Task directions →
For this exercise, retype each line of the material below verbatim and omit any picture.

Recorded information →

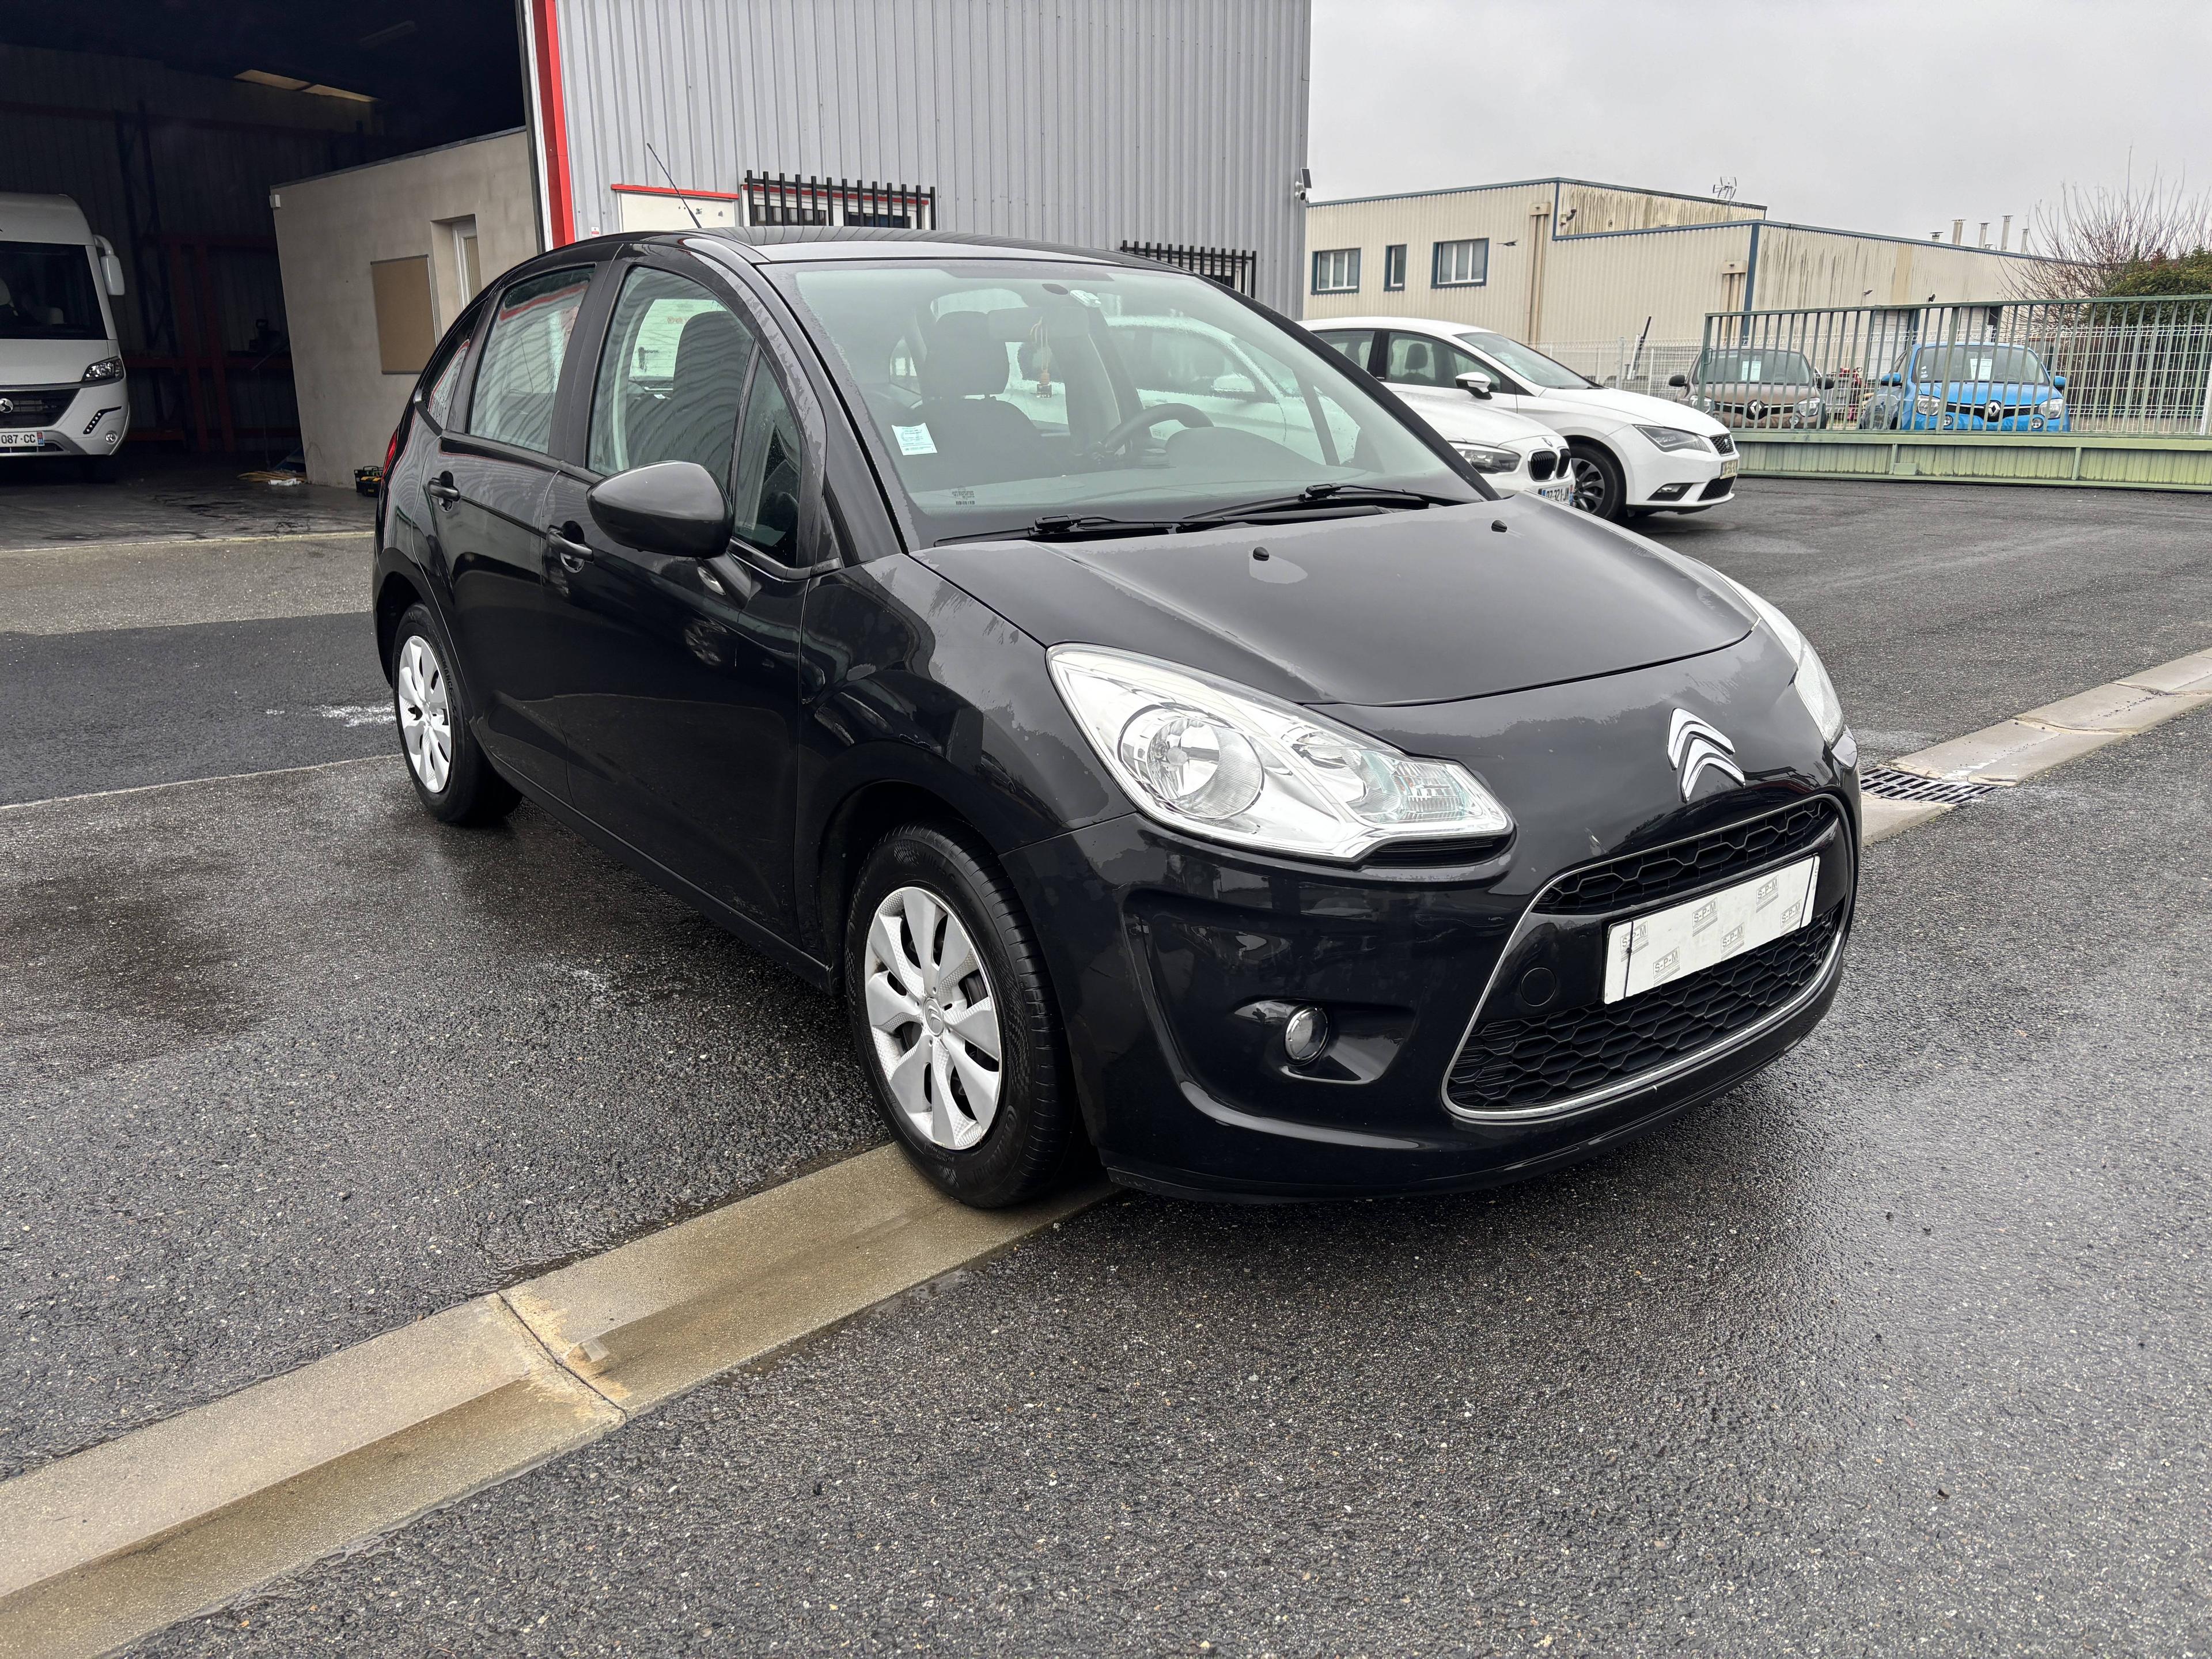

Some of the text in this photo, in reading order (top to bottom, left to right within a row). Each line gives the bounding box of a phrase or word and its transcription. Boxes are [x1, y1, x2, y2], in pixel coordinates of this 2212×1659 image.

[1758, 878, 1778, 899] S-P-M
[1694, 902, 1716, 922] S-P-M
[1722, 926, 1743, 948] S-P-M
[1654, 950, 1678, 973] S-P-M

Response to this exercise →
Some of the text in this photo, in reading order (top to bottom, left to right within a row). Each line gives the bounding box of a phrase or word and its transcription. Boxes are [x1, y1, x2, y2], in pixel coordinates of this 2212×1659 image.

[1758, 878, 1778, 899] S-P-M
[1694, 902, 1716, 922] S-P-M
[1722, 926, 1743, 948] S-P-M
[1654, 950, 1678, 973] S-P-M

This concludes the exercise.